START Data for the task
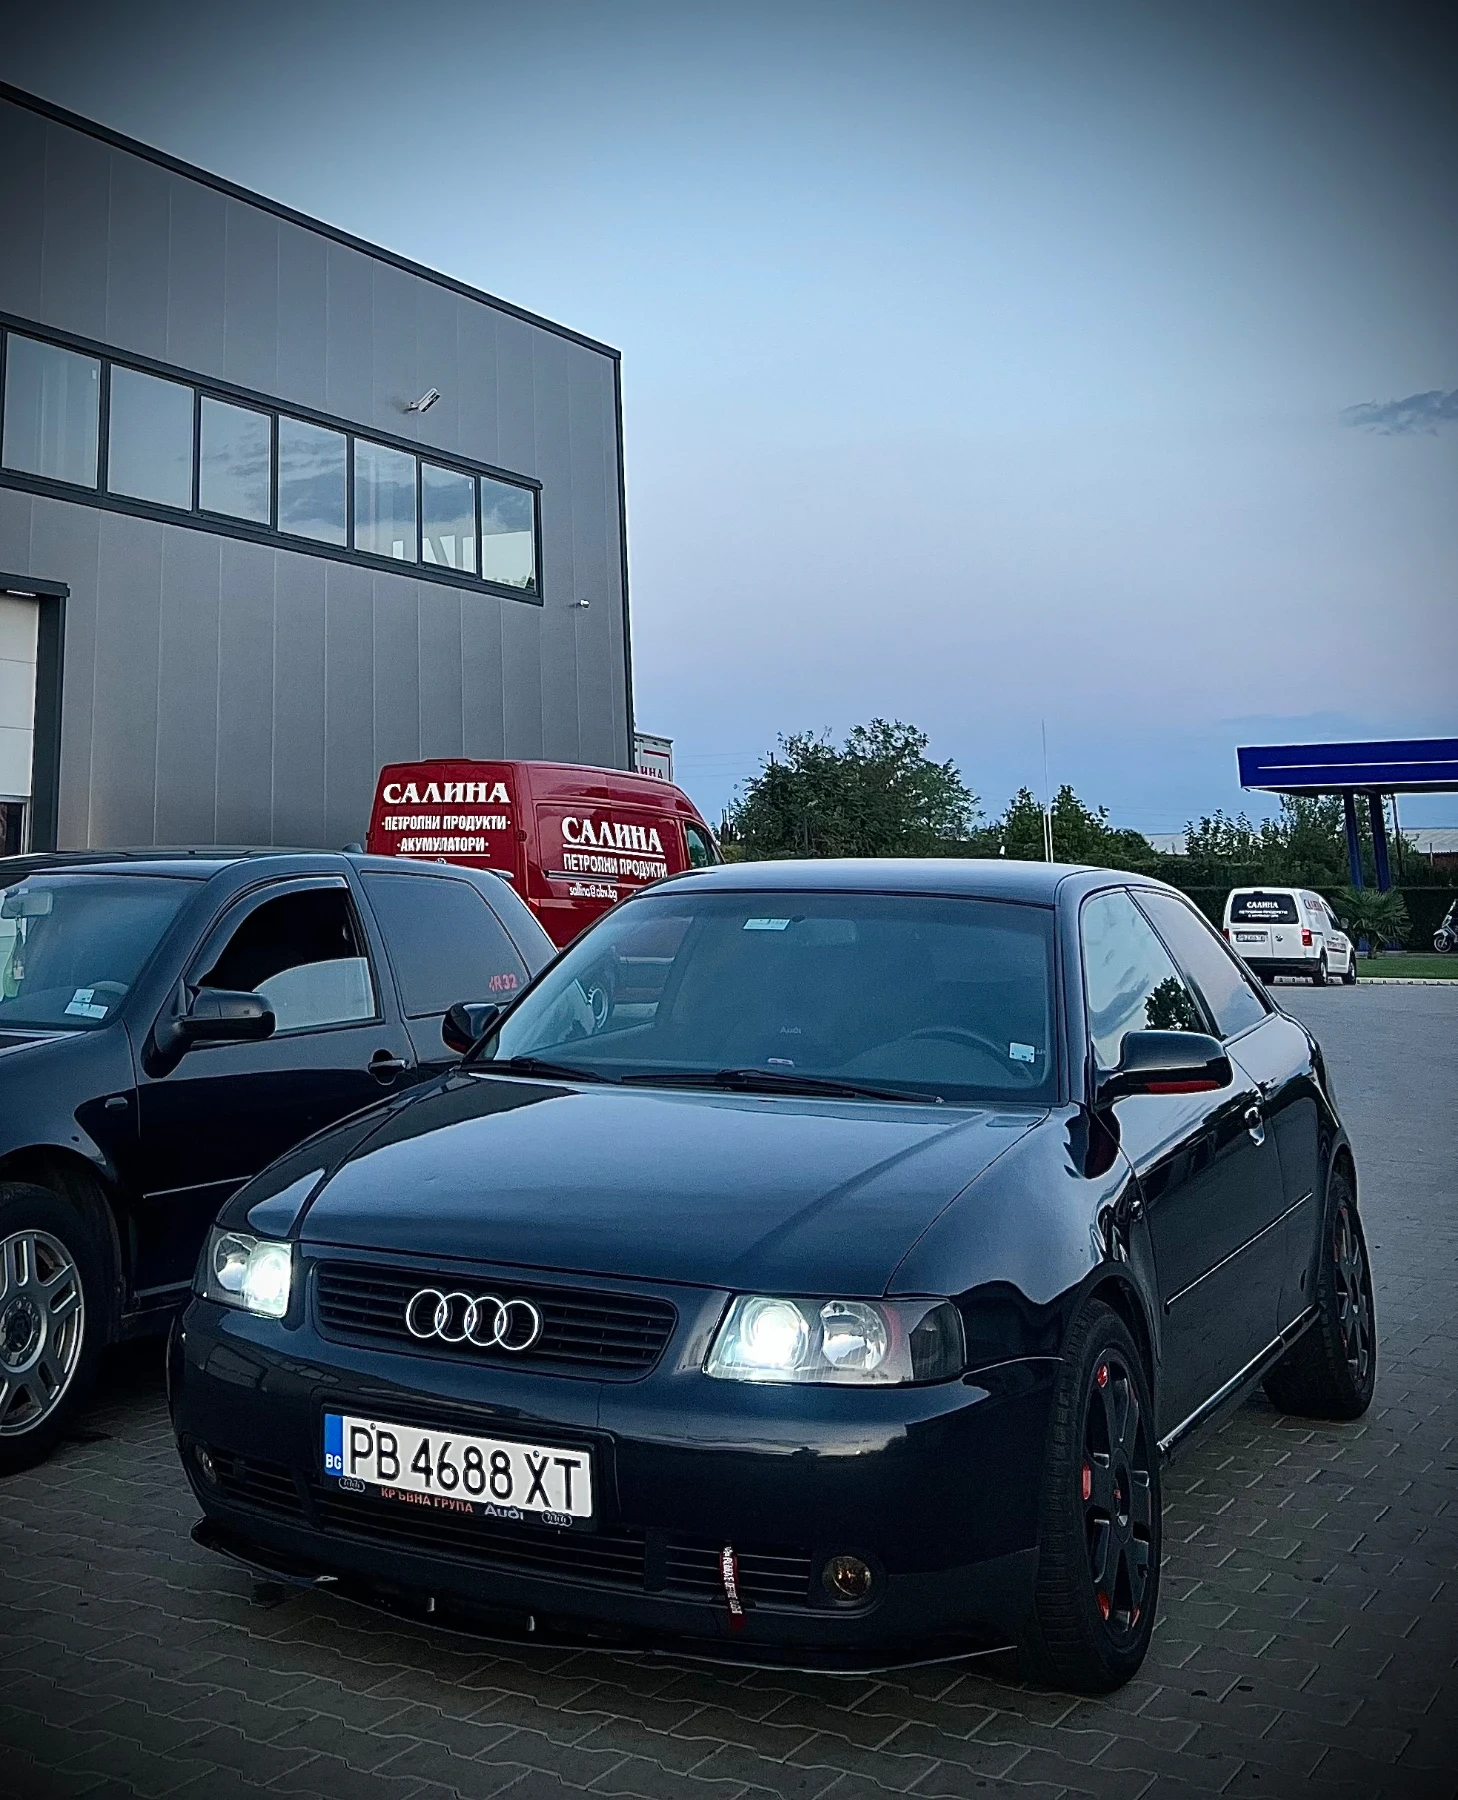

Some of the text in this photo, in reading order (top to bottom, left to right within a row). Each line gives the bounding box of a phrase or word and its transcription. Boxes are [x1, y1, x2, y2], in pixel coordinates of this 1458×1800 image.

[383, 782, 511, 803] САЛИНА
[562, 816, 664, 852] САЛИНА
[563, 853, 668, 880] ПЕТРОЛНИ ПРОДУКТИ
[325, 1453, 342, 1470] BG
[411, 1438, 513, 1500] 4688
[381, 1487, 474, 1513] КРЪВНА ГРУПА
[484, 1502, 524, 1521] Audi
END Data for the task
Word for word, reproduce all of the entries above and omit the pictures.

Some of the text in this photo, in reading order (top to bottom, left to right within a row). Each line gives the bounding box of a phrase or word and its transcription. Boxes are [x1, y1, x2, y2], in pixel coordinates of this 1458×1800 image.

[383, 782, 511, 803] САЛИНА
[562, 816, 664, 852] САЛИНА
[563, 853, 668, 880] ПЕТРОЛНИ ПРОДУКТИ
[325, 1453, 342, 1470] BG
[411, 1438, 513, 1500] 4688
[381, 1487, 474, 1513] КРЪВНА ГРУПА
[484, 1502, 524, 1521] Audi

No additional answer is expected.